Cada vez que miro y no estás,
se vuelve un juego fugaz,
en el que busco impaciente tu mirada en la nada.
Cada vez que sueño y al despertar no estás,
te imagino abrazado a mi cintura y vuelvo a soñar.
Cada vez que vuelo y no estás,
me pierdo en el tiempo y elijo volver a empezar.
Cada vez que te amo y no estás,
guardo en mi corazón el sentimiento y la alegría
de la espera,
del saber que llegarás.
Cada vez que te extraño escribo líneas, como ésta,
para escaparme un rato
de la sensacion de soledad,
y lleno mi alma de palabritas de amor,
para aguardar tu llegada.
Cuando te escribo y no estás,
se vuelven tristes las palabras,
desiertas en el tiempo,
perdidas en la oscuridad.
Y cuando llega tu mirada enamorada,
otra vez abro las alas,
y me refugio en tus brazos,
y te repito una vez más,
cuánto te amo y cuánto te he esperado,
te regalo mis sonrisas y mi calor,
te regalo mi nombre y mi corazón,
te regalo la dicha de sentirte amado
con tanta fuerza, con tanto pudor.
Cuando llega tu alma enamorada,
abro bien las alas, te guardo en un rincón,
me refugio en tu llamada, me refugio…
chiquitita, dentro de tu corazón.
Cuando llega tu alma enamorada,
te regalo mi vida, te regalo mi sol.
Se transforman los sueños en un camino mejor.

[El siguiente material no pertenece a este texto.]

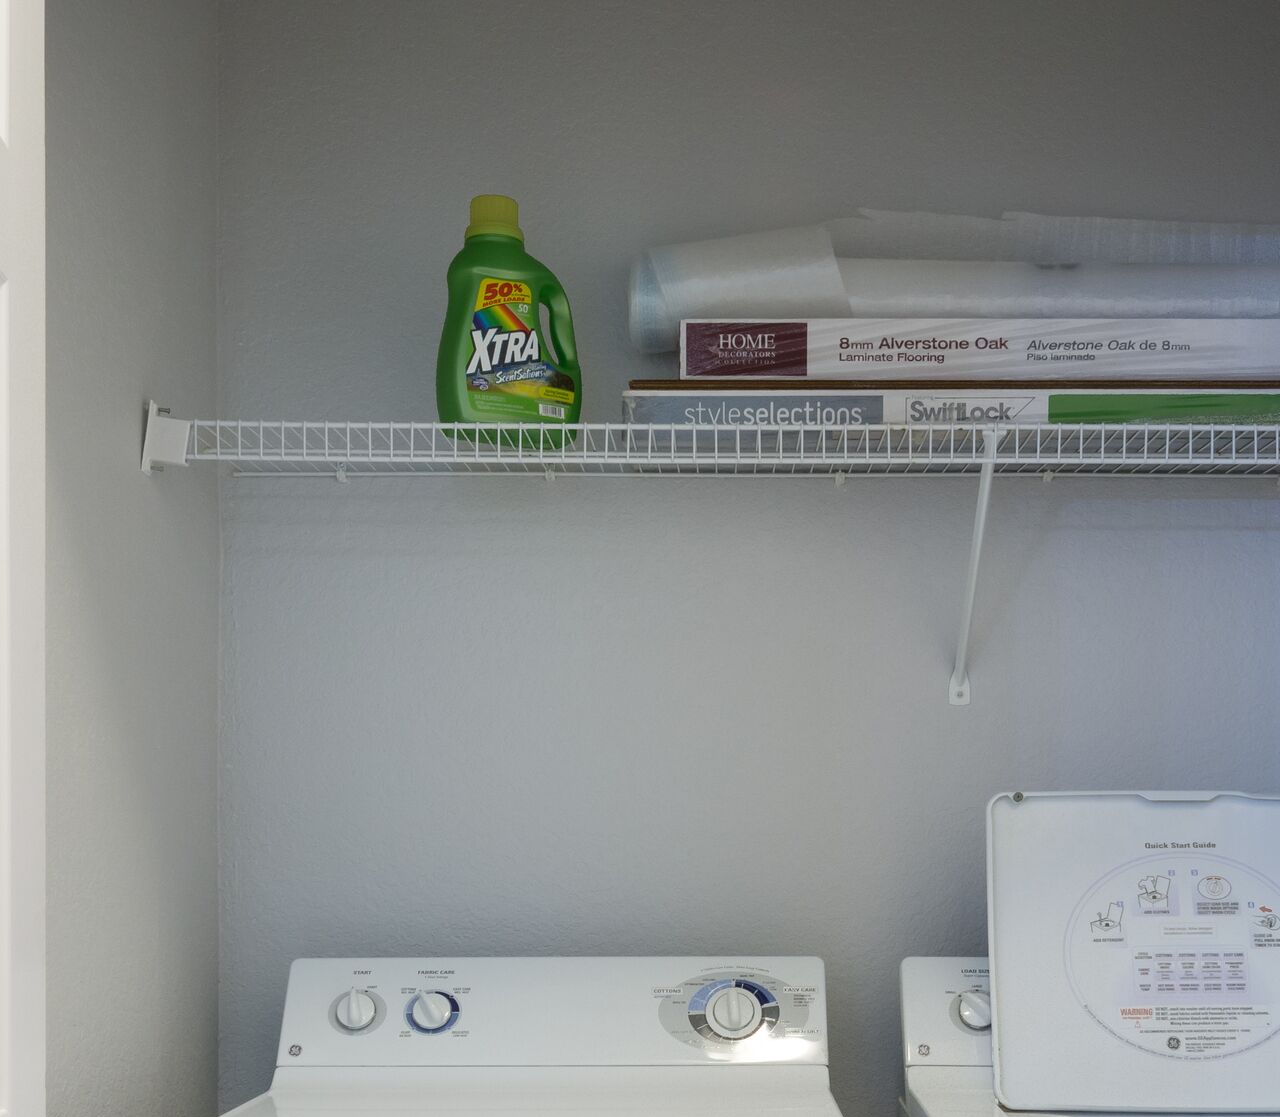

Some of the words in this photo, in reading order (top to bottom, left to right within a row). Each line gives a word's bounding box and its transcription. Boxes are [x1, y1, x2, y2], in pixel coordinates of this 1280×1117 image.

Te dije alguna vez… ¿Cuánto te amo?
erika dijo:
15/06/2009 a 7:36 pm
ADMIRO LA FORMA COMO TE EXPRESAS ,Y COMO DESCRIBES ESAS SENSACIONES Q MUCHOS TAMBIEN HEMOS SENTIDO EN ALGUN MOMENTO.
Maria Eugenia dijo:
16/06/2009 a 5:21 pm
Gracias preciosa. Todos tenemos dones, seguramente vos también tendrás el tuyo, explotalo.
Un Beso enorme!!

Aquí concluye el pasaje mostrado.